Pour les petits aéroports en difficulté, "la solution peut venir de l'avion électrique", estime Marc Ivaldi

9 Octobre 2023 Transport

Le professeur d'économie à la TSE, l'école d'économie de Toulouse, spécialiste du secteur aérien évoque les difficulté des petites plateformes, qui maintiennent leur activité grâce aux subventions.

La région Occitanie compte-t-elle trop d'aéroports comme le souligne un récent rapport de la cour des comptes ?

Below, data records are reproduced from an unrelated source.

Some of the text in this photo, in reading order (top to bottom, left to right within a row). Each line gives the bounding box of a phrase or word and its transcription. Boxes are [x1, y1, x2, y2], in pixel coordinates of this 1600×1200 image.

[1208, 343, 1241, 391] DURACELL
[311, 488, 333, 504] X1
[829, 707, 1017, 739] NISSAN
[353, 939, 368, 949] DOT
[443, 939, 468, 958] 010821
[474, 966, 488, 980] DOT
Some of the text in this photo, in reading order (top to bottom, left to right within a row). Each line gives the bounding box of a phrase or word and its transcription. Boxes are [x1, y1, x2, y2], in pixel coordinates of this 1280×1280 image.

On a quatre gros aéroports: Toulouse, Montpellier, Perpignan, Tarbes. Toulouse se porte très bien, il n'y a pas de sujet. Montpellier a connu une réduction importante de ses services, à cause du TGV, mais n'est pas en déficit. Perpignan c'est plus problématique : l'aéroport est près de Gérone, on commence déjà à mettre de l'argent public pour équilibrer les comptes. Ensuite, il y a Tarbes, très utile pour la destination de Lourdes mais qui n'est pas loin de Pau. Il y a un vrai problème entre Tarbes et Pau: Mais il Il y en un en Occitanie, l''autre en Nouvelle Aquitaine. Personne ne veut fermer son aéroport… Quant aux autres aéroports, ils survivent grâce aux subventions perçues pour les garder ces aéroports en service. On retrouve ce problème à Carcassonne, Cahors, Rodez ou Castres... D'ailleurs pour Castres il y a un autre problème : on ne pourra pas à la fois faire l'autoroute A69 et garder l'aéroport. Il faudra choisir où vont les subventions.
Tous ces aéroports peuvent-ils survivre ?

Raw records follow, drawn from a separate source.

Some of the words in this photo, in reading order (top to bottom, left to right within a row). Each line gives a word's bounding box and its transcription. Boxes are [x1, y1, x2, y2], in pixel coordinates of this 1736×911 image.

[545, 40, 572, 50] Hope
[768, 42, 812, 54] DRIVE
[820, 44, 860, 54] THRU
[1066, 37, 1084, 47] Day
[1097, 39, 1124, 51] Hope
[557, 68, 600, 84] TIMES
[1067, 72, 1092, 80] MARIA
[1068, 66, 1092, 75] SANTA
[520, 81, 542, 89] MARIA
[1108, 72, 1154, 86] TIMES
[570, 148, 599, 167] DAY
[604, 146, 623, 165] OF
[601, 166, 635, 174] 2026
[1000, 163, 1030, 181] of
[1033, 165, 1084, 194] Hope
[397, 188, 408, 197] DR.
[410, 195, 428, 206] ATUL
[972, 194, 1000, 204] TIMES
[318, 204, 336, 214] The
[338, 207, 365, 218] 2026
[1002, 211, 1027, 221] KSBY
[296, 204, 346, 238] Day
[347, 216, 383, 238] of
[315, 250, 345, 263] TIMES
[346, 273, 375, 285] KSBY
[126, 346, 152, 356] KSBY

Tant que l'argent public permet de les garder en fonction. Il y avait une idée de spécialiser les petits aéroports. A Cas-tres Tarbes on souhaitait parquer les avions et les démonter, à Nîmes on voulait le spécialiser sur l'apprentissage et la sécurité civile… Mais en réalité, cela ne marche pas. La réalité c'est que si ces aéroports fonctionnent encore, c'est grâce à l'argent public. Du coup, le passager ne paye peut-être pas beaucoup que plus 30 % du prix du billet pour faire Tarbes-Orly. Même un aéroport comme celui de Montpellier est en difficulté…
Il se met dans le rouge à cause de la concurrence du TGV. Il n'est pas assez rentable, du coup il coupe des fréquences et des destinations. Or, moins il y a d'offre et moins il y a de passagers, moins il y a de revenus. C'est une mauvaise spirale. Mais, quand il y aura le TGV Toulouse pour aller à Orly, cela prendra un million de passagers à Blagnac... Ça risque de réduire l'intérêt de l'aéroport de Blagnac par rapport à Barcelone par exemple.

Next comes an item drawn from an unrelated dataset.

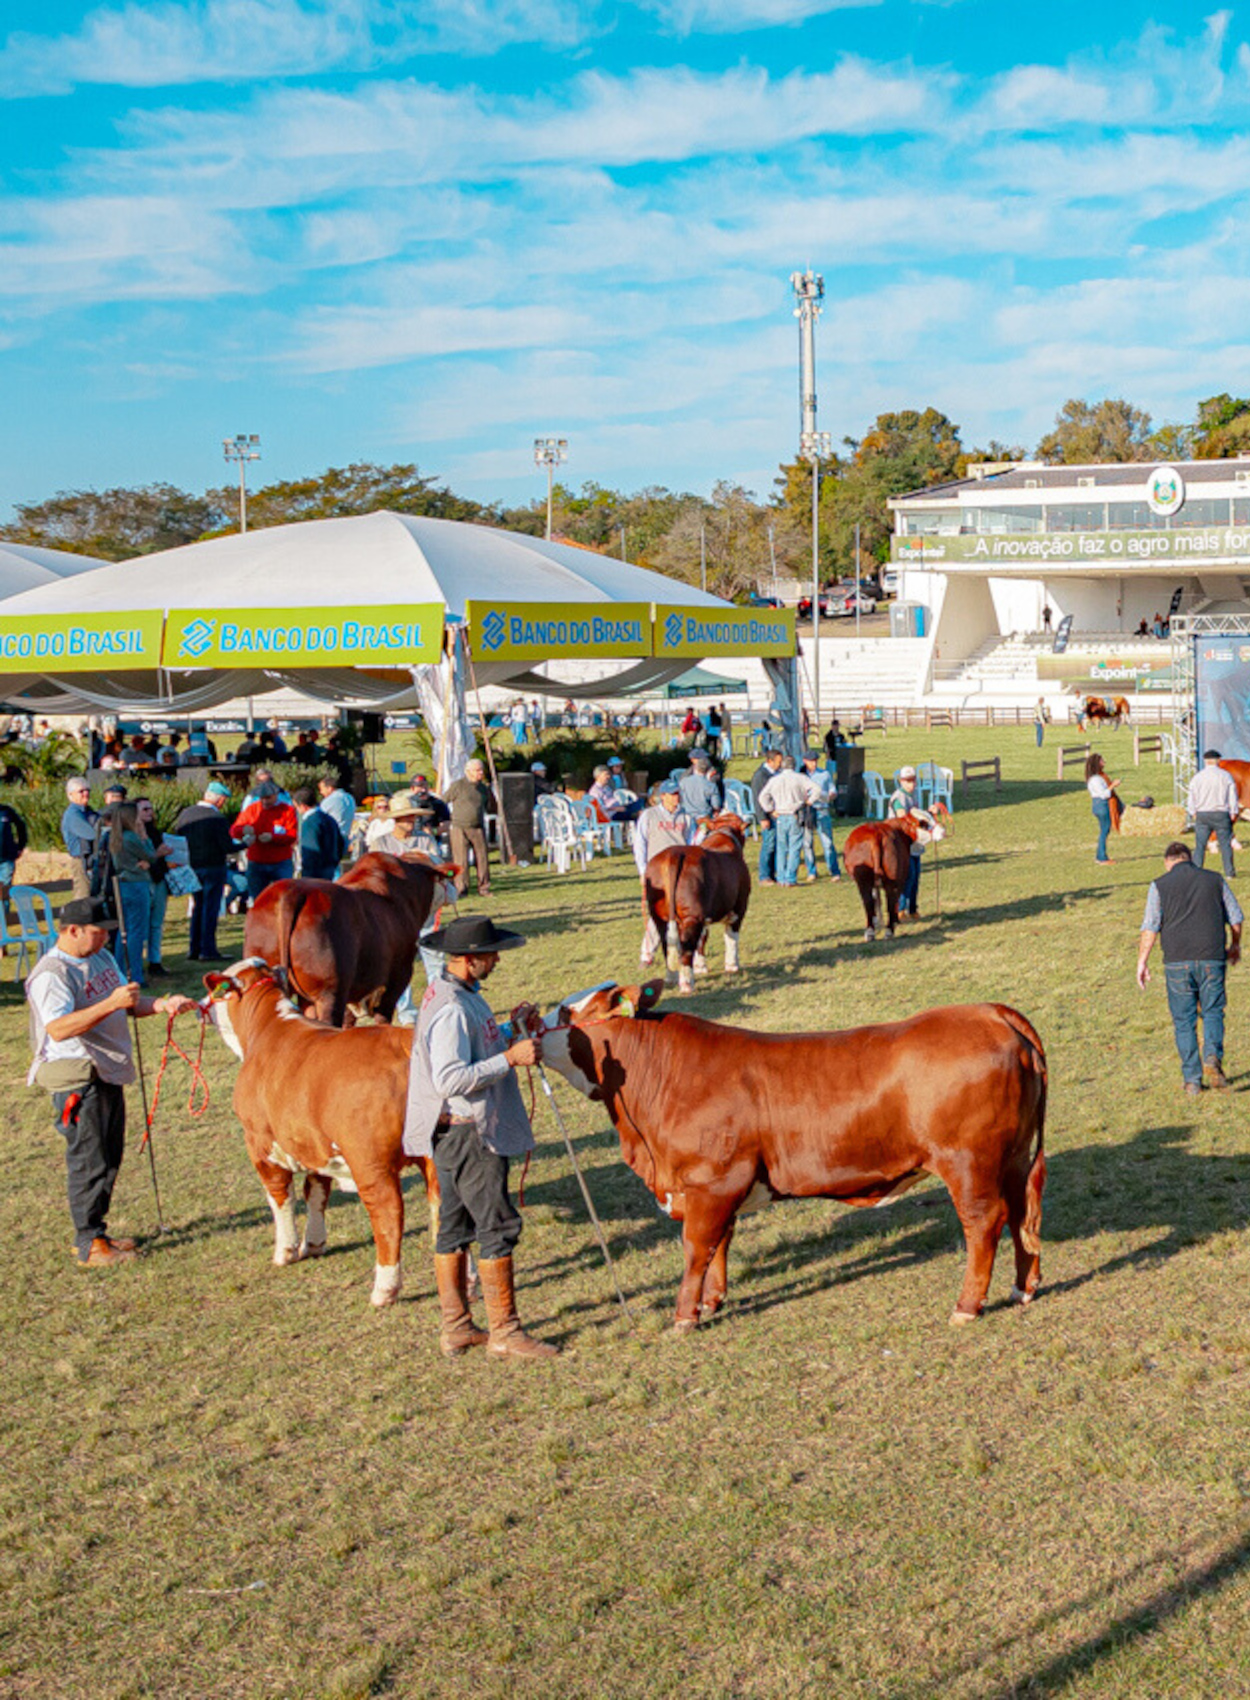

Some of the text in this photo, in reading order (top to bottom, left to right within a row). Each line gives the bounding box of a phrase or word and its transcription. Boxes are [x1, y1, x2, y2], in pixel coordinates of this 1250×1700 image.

Le problème vient-il du politique ?
Les départements, les intercommunalités, qui ont leur indépendance, sont libres de définir leur politique de service public. Le politique rend des comptes à ses administrés et bien souvent, il ne veut pas donner l'impression de réduire les services publics et paye pour maintenir des lignes aériennes. Depuis 20 ans, que je suis ces affaires, je n'ai jamais vu une subvention se réduire. Au final, les pouvoirs publics ne sont pas parvenus à spécialiser les aéroports ni réduire les subventions. Désormais, les élus revendiquent une forme de décentralisation, pour garder la main sur ces questions, or il faudrait une autorité au-dessus qui encadre tout cela.
A quelle échelle ?
Tout dépend si on veut régionaliser ce dossier. Mais tant que cela restera entre les mains des élus, il ne se passera rien. Il faudrait une instance indépendante qui n'a pas de visées électorales. Ce dossier est un excellent test pour savoir si cela a un sens de donner plus de pouvoir aux régions.
Existe-t-il une solution pour les petits aéroports ? J'en vois une : la solution peut venir de l'avion électrique. Les petits aéroports sont largement amortis. Et leur entretien coûte bien moins cher que le rail. On pourrait très bien imaginer la création et le développement d'un réseau régional de transport aérien électrique. On peut mettre beaucoup de fréquences, car c'est très rapide de recharger les avions.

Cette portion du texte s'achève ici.